WHAT TO DO:
From the first line to the last, print the material exactly, skipping the pictures.

EXERCISE MATERIALS:
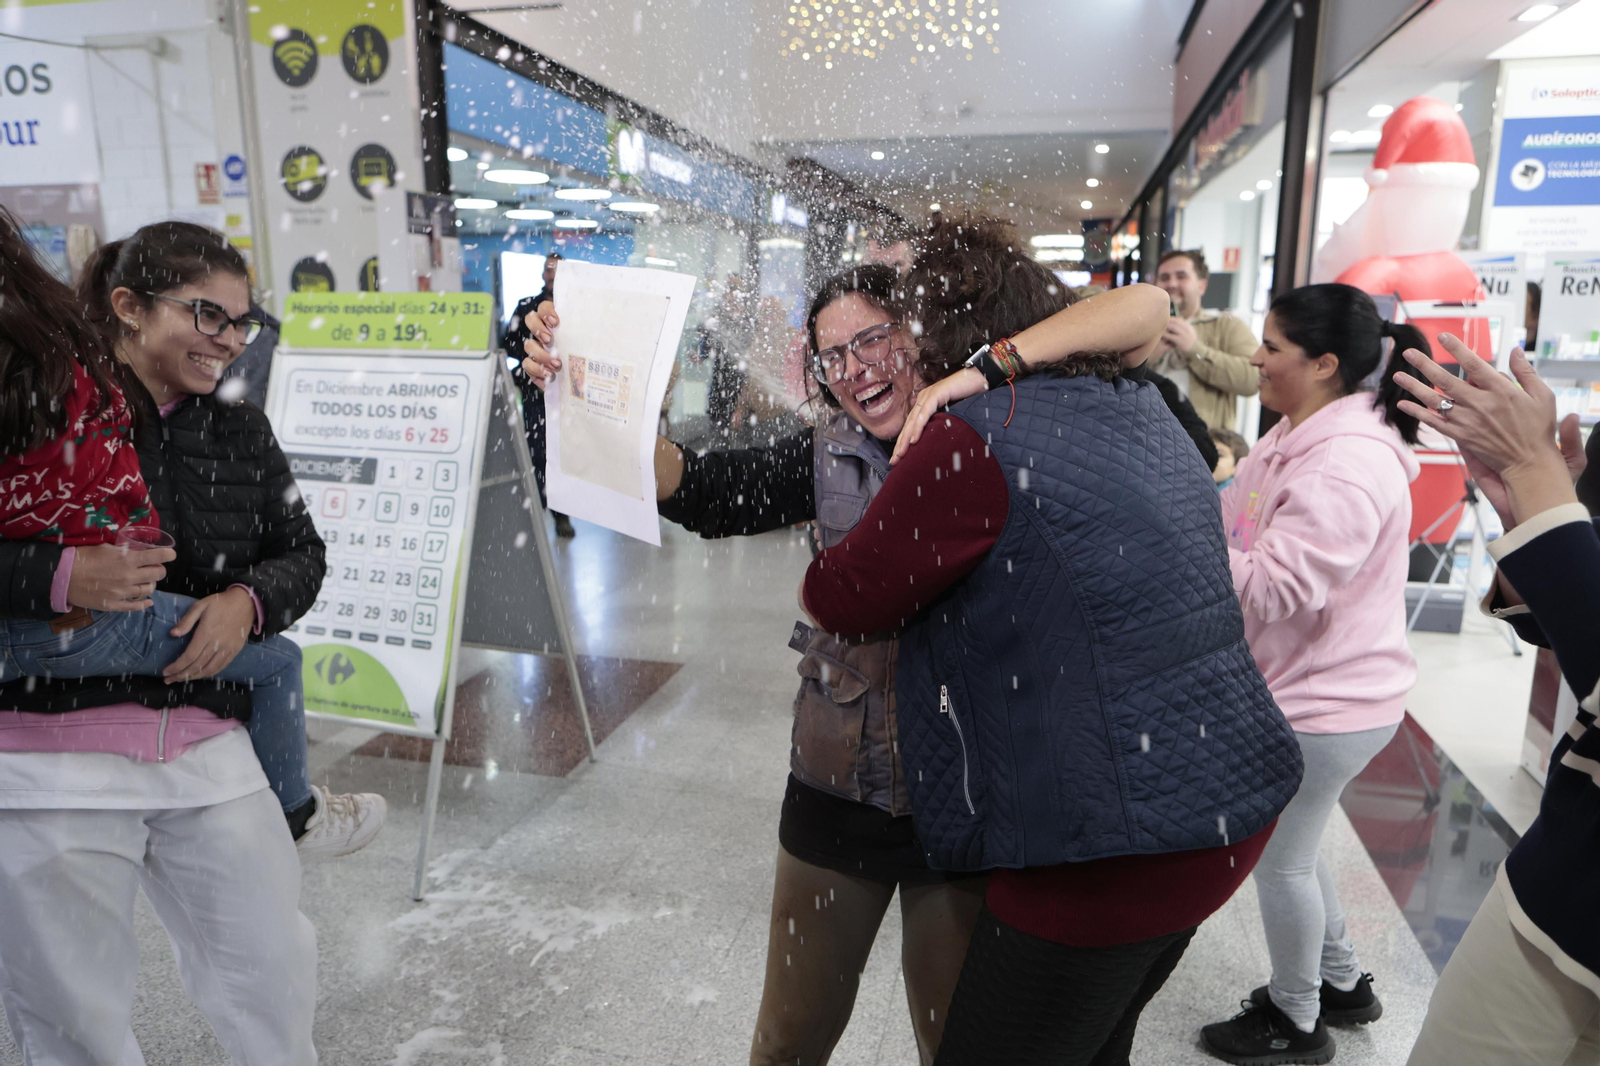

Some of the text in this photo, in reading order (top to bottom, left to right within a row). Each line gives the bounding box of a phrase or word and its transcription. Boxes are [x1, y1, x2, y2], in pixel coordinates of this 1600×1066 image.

[0, 62, 52, 96] OS
[0, 120, 39, 146] ur
[291, 302, 485, 317] Horario especial días 24 y 31:
[331, 324, 432, 342] de 9 a 19h.
[295, 379, 459, 398] En Diciembre ABRIMOS
[311, 401, 438, 420] TODOS LOS DÍAS
[294, 425, 449, 445] excepto los días 6 y 25
[290, 458, 363, 478] DICIEMBRE
[389, 466, 451, 482] 1 2 3
[304, 494, 450, 518] 5 6 7 8 9 10
[322, 530, 444, 553] 13 14 15 16 17
[343, 567, 359, 581] 21
[369, 569, 386, 584] 22
[395, 572, 411, 586] 23
[421, 574, 438, 589] 24
[312, 600, 432, 627] 27 28 29 30 31

SOLUTION TO THE EXERCISE:
Some of the text in this photo, in reading order (top to bottom, left to right within a row). Each line gives the bounding box of a phrase or word and its transcription. Boxes are [x1, y1, x2, y2], in pixel coordinates of this 1600×1066 image.

[0, 62, 52, 96] OS
[0, 120, 39, 146] ur
[291, 302, 485, 317] Horario especial días 24 y 31:
[331, 324, 432, 342] de 9 a 19h.
[295, 379, 459, 398] En Diciembre ABRIMOS
[311, 401, 438, 420] TODOS LOS DÍAS
[294, 425, 449, 445] excepto los días 6 y 25
[290, 458, 363, 478] DICIEMBRE
[389, 466, 451, 482] 1 2 3
[304, 494, 450, 518] 5 6 7 8 9 10
[322, 530, 444, 553] 13 14 15 16 17
[343, 567, 359, 581] 21
[369, 569, 386, 584] 22
[395, 572, 411, 586] 23
[421, 574, 438, 589] 24
[312, 600, 432, 627] 27 28 29 30 31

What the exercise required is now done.